Le nouveau ministre français des Affaires étrangères, Stéphane Séjourné, envisage d’effectuer « dans les prochains jours » une visite officielle au Maroc, dans le cadre de la nouvelle étape qu’il veut ouvrir dans les relations bilatérales entre deux alliés traditionnels éloignés depuis longtemps.

Séjourné lui-même a reconnu dans des déclarations successives que le président Emmanuel Macron lui avait demandé d’œuvrer sur « un nouveau chapitre » de ces relations et son département a confirmé ce jeudi que la visite qui symbolisera ce dégel est désormais imminente.

« Nous travaillons à organiser une visite dans les prochains jours », a déclaré un porte-parole du ministère des Affaires étrangères, sans entrer dans les détails « concrets » tant que le voyage n’est « vraiment programmé ».
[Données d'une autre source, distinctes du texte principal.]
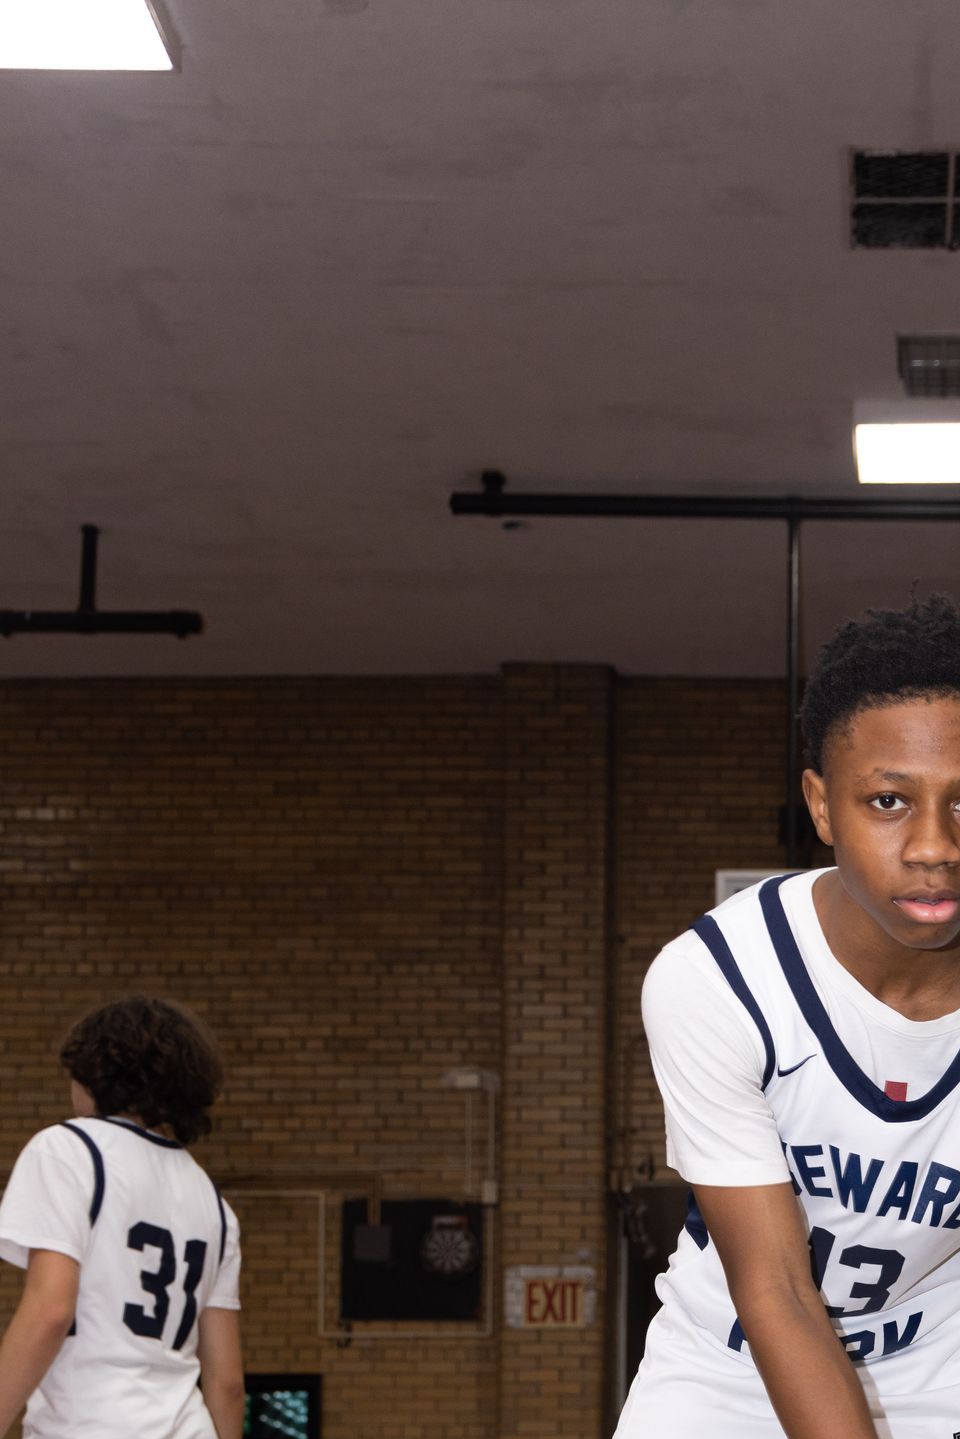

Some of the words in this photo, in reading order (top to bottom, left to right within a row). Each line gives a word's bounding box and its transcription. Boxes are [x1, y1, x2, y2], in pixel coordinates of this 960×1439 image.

« Il y a une volonté très claire du ministre de s’impliquer personnellement dans la relation franco-marocaine et d’écrire un nouveau chapitre dans cette relation, de reprendre un nouvel agenda politique, de regagner la confiance », a ajouté le porte-parole.

La France aspire à « remettre en mouvement, dans une dynamique positive », une relation « ancienne » qui est traditionnellement une relation « d’amitié », un intérêt qui a suscité la récente rencontre entre la première dame, Brigitte Macron et les trois sœurs du Roi. Mohamed VI à Paris.

La tâche ne sera pas facile. Tout d’abord, au Maroc le rapprochement que la France a récemment entrepris avec l’Algérie, son principal ennemi et avec laquelle les relations diplomatiques sont rompues depuis l’été 2021, n’est pas perçu d’un bon œil.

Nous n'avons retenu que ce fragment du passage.